Problem requirements. Print again, word for word, all of the records below, and leave the pictures out.
# # # # # # #
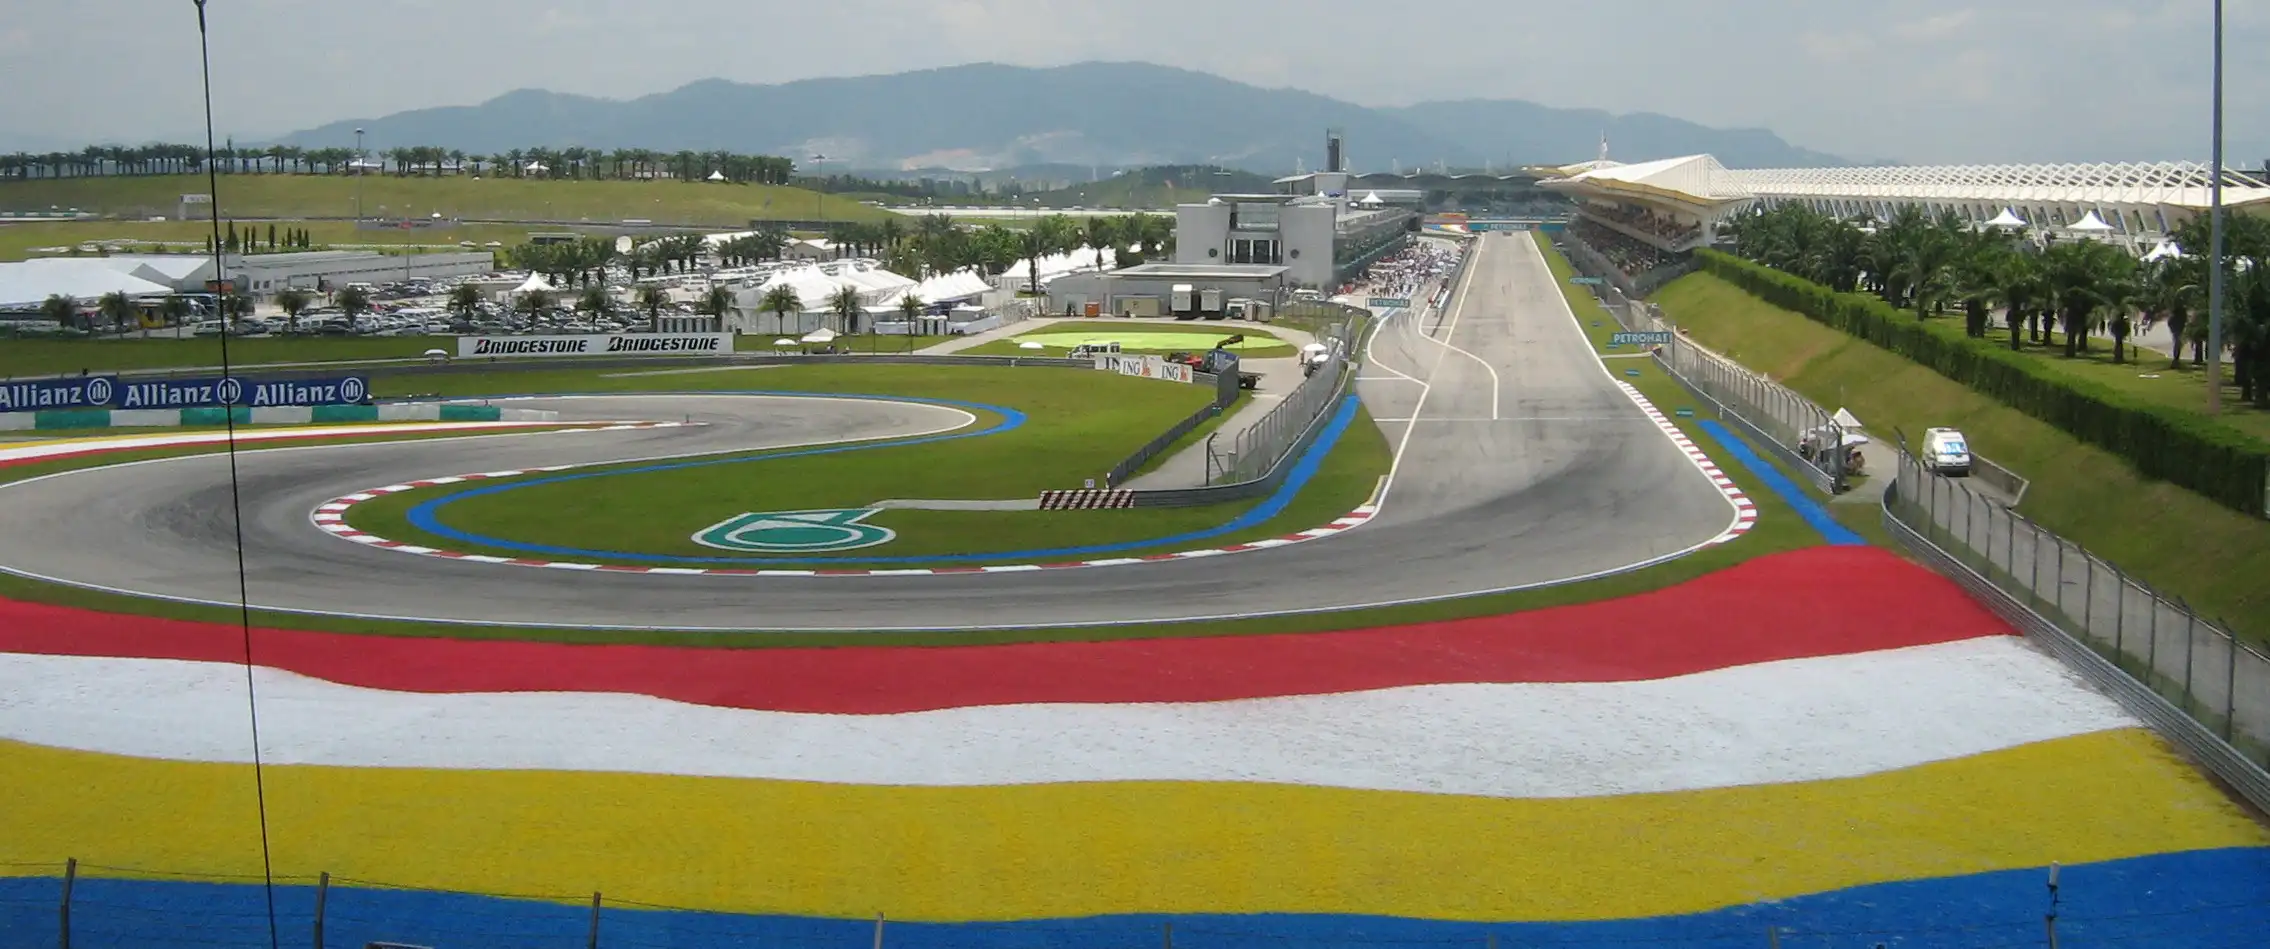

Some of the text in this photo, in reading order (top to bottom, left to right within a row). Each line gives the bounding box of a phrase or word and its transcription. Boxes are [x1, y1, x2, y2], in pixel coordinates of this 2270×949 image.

[474, 336, 720, 354] BRIDGESTONE BRIDGESTONE
[1104, 357, 1120, 370] IN
[1122, 360, 1140, 375] ING
[1162, 365, 1179, 380] ING
[0, 384, 82, 408] Allianz
[125, 383, 212, 407] Allianz
[254, 382, 336, 405] Allianz
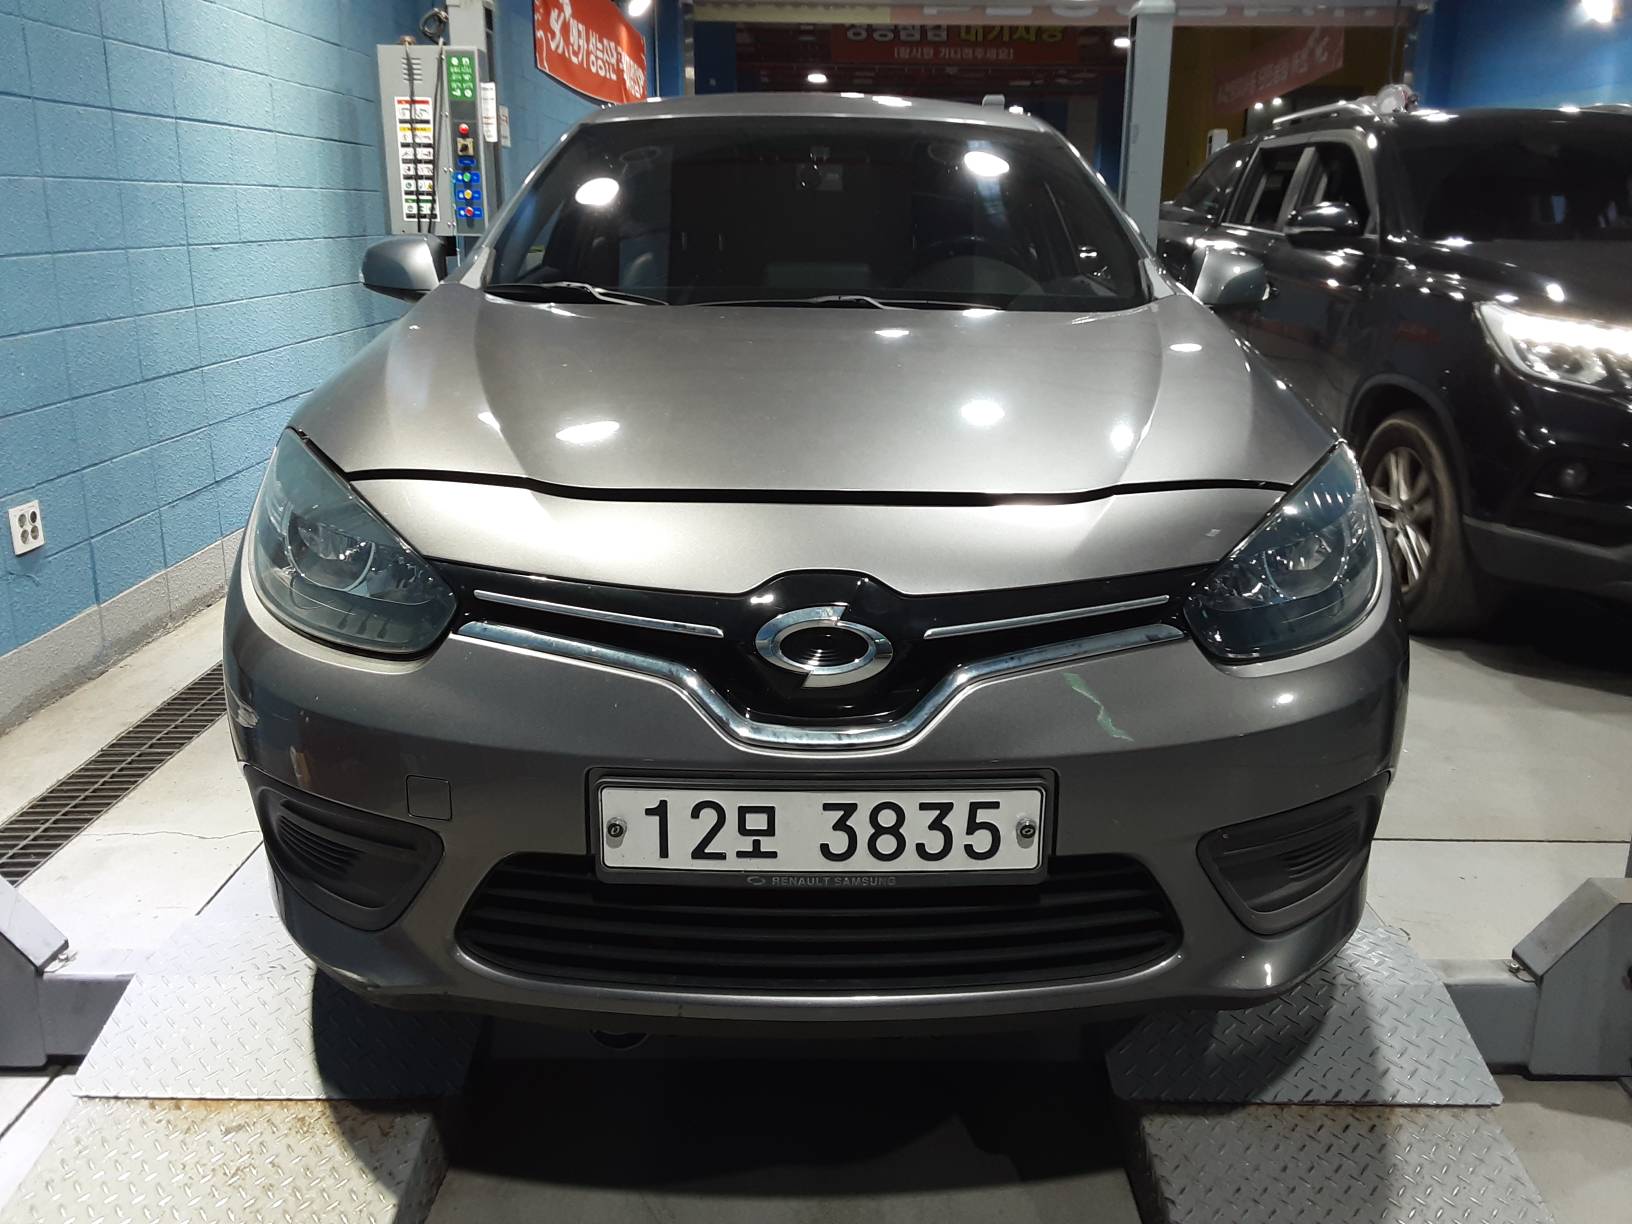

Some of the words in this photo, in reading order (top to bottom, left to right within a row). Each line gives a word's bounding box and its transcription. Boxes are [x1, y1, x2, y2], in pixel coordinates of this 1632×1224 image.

[644, 799, 778, 860] 12모
[819, 801, 1002, 862] 3835
[772, 876, 831, 886] RENAULT
[834, 876, 897, 886] SAMSUNG
# # # # # # #
Your response.
Some of the text in this photo, in reading order (top to bottom, left to right within a row). Each line gives the bounding box of a phrase or word and its transcription. Boxes are [x1, y1, x2, y2], in pixel coordinates of this 2270×949 image.

[474, 336, 720, 354] BRIDGESTONE BRIDGESTONE
[1104, 357, 1120, 370] IN
[1122, 360, 1140, 375] ING
[1162, 365, 1179, 380] ING
[0, 384, 82, 408] Allianz
[125, 383, 212, 407] Allianz
[254, 382, 336, 405] Allianz

Some of the words in this photo, in reading order (top to bottom, left to right within a row). Each line gives a word's bounding box and its transcription. Boxes are [x1, y1, x2, y2], in pixel coordinates of this 1632×1224 image.

[644, 799, 778, 860] 12모
[819, 801, 1002, 862] 3835
[772, 876, 831, 886] RENAULT
[834, 876, 897, 886] SAMSUNG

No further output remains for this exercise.